Liu v. Sec. & Exch. Comm'n

CourtUnited States Supreme Court
Citation140 S.Ct. 1936,207 L.Ed.2d 401
Docket NumberNo. 18-1501,18-1501
Parties Charles C. LIU, et al., Petitioners v. SECURITIES AND EXCHANGE COMMISSION
Decision Date22 June 2020

Gregory G. Rapawy, Washington, D.C., for the petitioners.

Deputy Solicitor General Malcolm L. Stewart for the respondent.
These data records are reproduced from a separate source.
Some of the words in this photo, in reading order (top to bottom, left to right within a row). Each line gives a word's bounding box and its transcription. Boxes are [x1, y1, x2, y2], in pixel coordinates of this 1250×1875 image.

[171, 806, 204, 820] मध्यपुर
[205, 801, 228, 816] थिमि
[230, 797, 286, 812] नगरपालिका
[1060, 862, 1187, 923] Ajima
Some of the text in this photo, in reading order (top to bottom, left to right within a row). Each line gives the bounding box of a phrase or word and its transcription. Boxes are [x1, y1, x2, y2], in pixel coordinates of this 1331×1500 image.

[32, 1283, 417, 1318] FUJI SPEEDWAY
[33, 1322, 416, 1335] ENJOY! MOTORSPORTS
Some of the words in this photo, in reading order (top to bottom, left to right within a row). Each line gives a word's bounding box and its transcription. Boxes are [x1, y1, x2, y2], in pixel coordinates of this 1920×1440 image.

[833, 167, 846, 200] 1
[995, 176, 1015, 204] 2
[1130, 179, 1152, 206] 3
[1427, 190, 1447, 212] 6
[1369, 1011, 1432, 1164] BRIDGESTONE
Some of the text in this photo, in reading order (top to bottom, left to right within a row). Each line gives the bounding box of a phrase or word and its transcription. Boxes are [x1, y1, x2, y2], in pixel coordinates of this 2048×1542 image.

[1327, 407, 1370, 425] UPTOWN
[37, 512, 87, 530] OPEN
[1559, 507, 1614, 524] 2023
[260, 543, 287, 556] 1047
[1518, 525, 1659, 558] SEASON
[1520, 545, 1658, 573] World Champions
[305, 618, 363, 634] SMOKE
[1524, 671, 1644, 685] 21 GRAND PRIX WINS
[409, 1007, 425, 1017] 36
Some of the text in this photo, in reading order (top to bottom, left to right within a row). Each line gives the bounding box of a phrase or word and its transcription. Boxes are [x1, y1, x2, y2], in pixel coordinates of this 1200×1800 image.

Hervé Gouraige, Sills Cummis & Gross P.C., Newark, New Jersey, Michael K. Kellogg, Gregory G. Rapawy, Benjamin S. Softness, Julia L. Haines, Kellogg, Hansen, Todd, Figel & Frederick, P.L.L.C., Washington, D.C., for Petitioners.

Robert B. Stebbins, General Counsel, Michael A. Conley, Solicitor, Hope H. Augustini, Jeffrey A. Berger, David D. Lisitza, Daniel Staroselsky, Senior Litigation Counsel, Kerry J. Dingle, Senior Counsel, Securities and Exchange, Commission, Washington, D.C., Noel J. Francisco, Solicitor General, Malcolm L. Stewart, Deputy Solicitor General, Vivek Suri, Assistant to the Solicitor General, Department of Justice, Washington, D.C., for Respondent.

Justice SOTOMAYOR delivered the opinion of the Court.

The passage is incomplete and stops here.